Things to Keep in Mind
- You should allow plenty of time to research your topic and obtain the necessary books and articles and digest the information in them. If you hope for an A on this, don't start a few days before it is due!
- You should plan to finish your written report several days in advance of your presentation date so that you have time to decide what you should talk about, organize it, and practice it. You will be strictly limited to the 15 minutes so that there is time for questions and for two other people to speak during the class period. If I have to cut you off for time reasons it will be tough luck.
- There must be "meat" in your report and presentation. Your listeners have to come away knowing something significant that they did not know before. They must be able to follow and understand you during your presentation.
- Don't say things you don't understand or use words whose meaning you don't know.
- Avoid long lists ("This plant is good for blah blah blah..." or "The following chemicals have been found in the plant..."). You can provide additional handouts with this information if you wish but it does not make good listening.
- Take pride in your work and prepare a visually appealing presentation, but focus on content.
- Stylistically, your presentation and paper should be aimed at the educated layperson (you know, people in our class!). It should not be too technical, nor too superficial. It should also be objective: you should be reporting on the research you have done, not offering opinion or advice.
- The DePauw policy on academic integrity is described here and of course it applies to the case study.
- If molecular formulas are needed, learn to do superscripts and subscripts properly.

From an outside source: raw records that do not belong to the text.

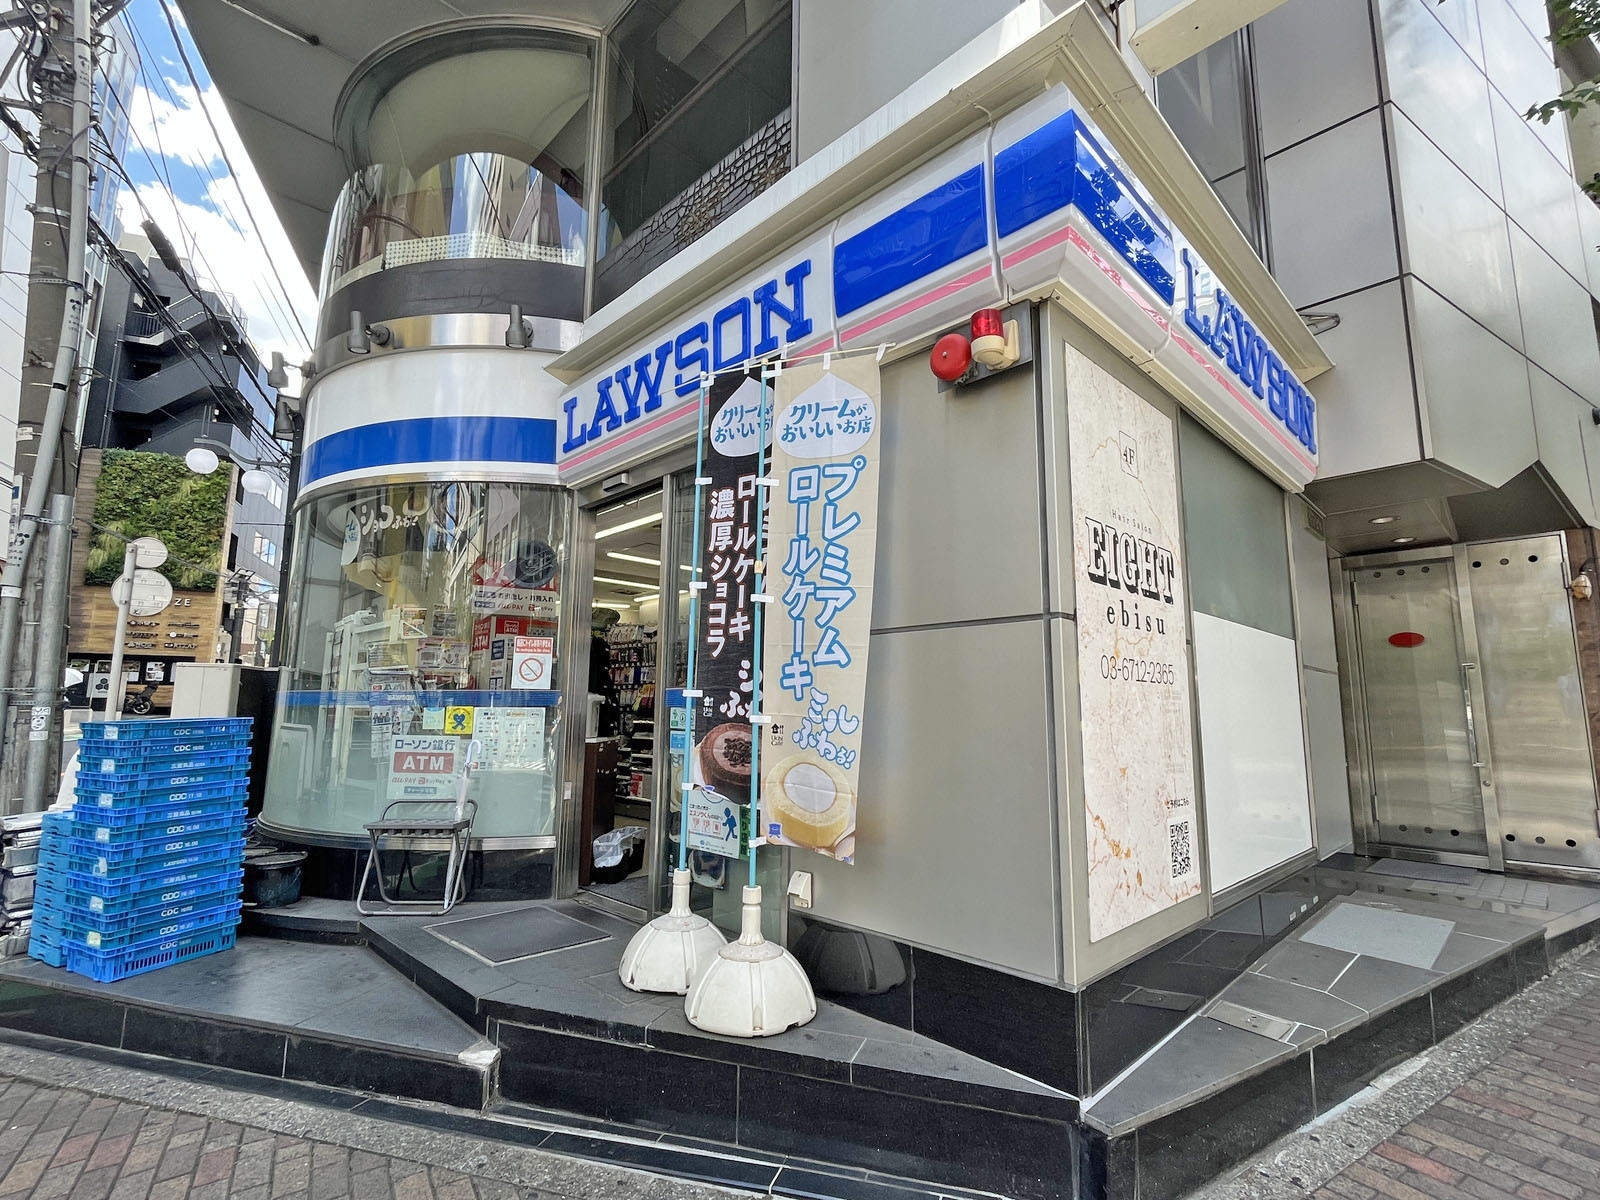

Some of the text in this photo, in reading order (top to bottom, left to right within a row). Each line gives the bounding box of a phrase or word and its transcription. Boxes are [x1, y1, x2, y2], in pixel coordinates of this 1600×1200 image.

[563, 259, 813, 453] LAWSON
[1180, 248, 1317, 455] LAWSON
[790, 399, 867, 424] クリームが
[781, 416, 872, 443] おいしいお店
[1123, 446, 1135, 465] 4F
[729, 474, 757, 642] ロールケーキ
[813, 455, 867, 668] プレミアム
[1085, 516, 1174, 605] EIGHT
[707, 488, 736, 658] 濃厚ショコラ
[780, 465, 820, 701] ロールケーキ
[1106, 599, 1165, 635] ebisu
[1100, 654, 1174, 685] 03-6712-2365
[808, 687, 859, 735] ミル
[395, 739, 455, 751] ローソン銀行
[402, 756, 444, 771] ATM
[169, 792, 187, 801] CDC
[167, 825, 185, 834] CDC
[165, 842, 183, 850] CDC
[161, 892, 180, 901] CDC
[161, 908, 179, 917] CDC
[160, 925, 178, 935] CDC
[160, 941, 178, 951] CDC
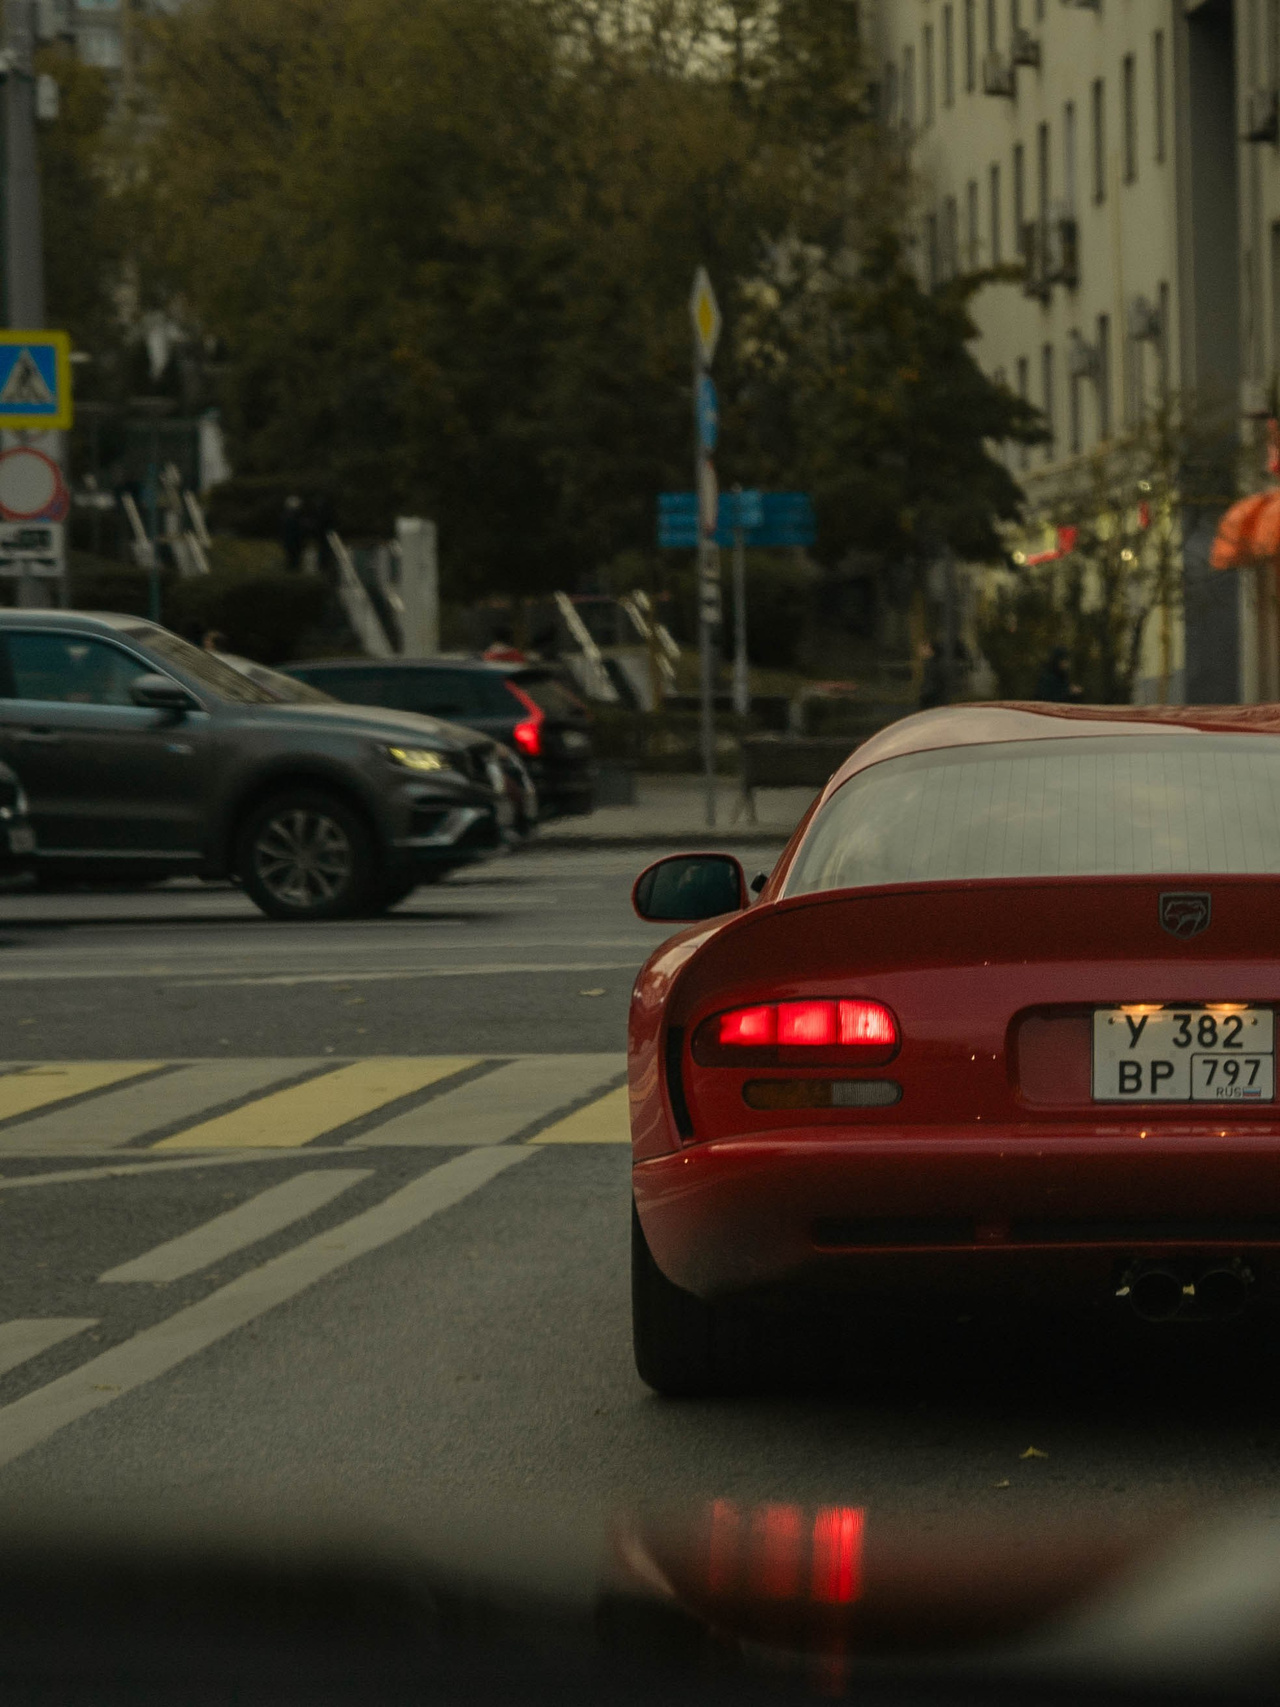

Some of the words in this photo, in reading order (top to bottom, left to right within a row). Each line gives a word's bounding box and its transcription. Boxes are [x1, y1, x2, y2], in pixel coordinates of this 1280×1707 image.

- In all cases, you will need to provide chemical structures. Many of these can be downloaded from Wikipedia or obtained via screenshot. Be sure these are of good quality, and be sure to cite your source (a small font footnote will be fine).
- Please prepare your report with 1" or less margins, 12 point font (no weird fonts), double or 1.5 line spacing.
- In the report, figures and tables should be numbered separately and each should have a caption. To avoid clutter, you don't need to do this in the presentation.
- Most of you will probably use PowerPoint to prepare your presentation, but any similar program you prefer is fine. Just be sure you can print you slides "2-up" for distribution to the class.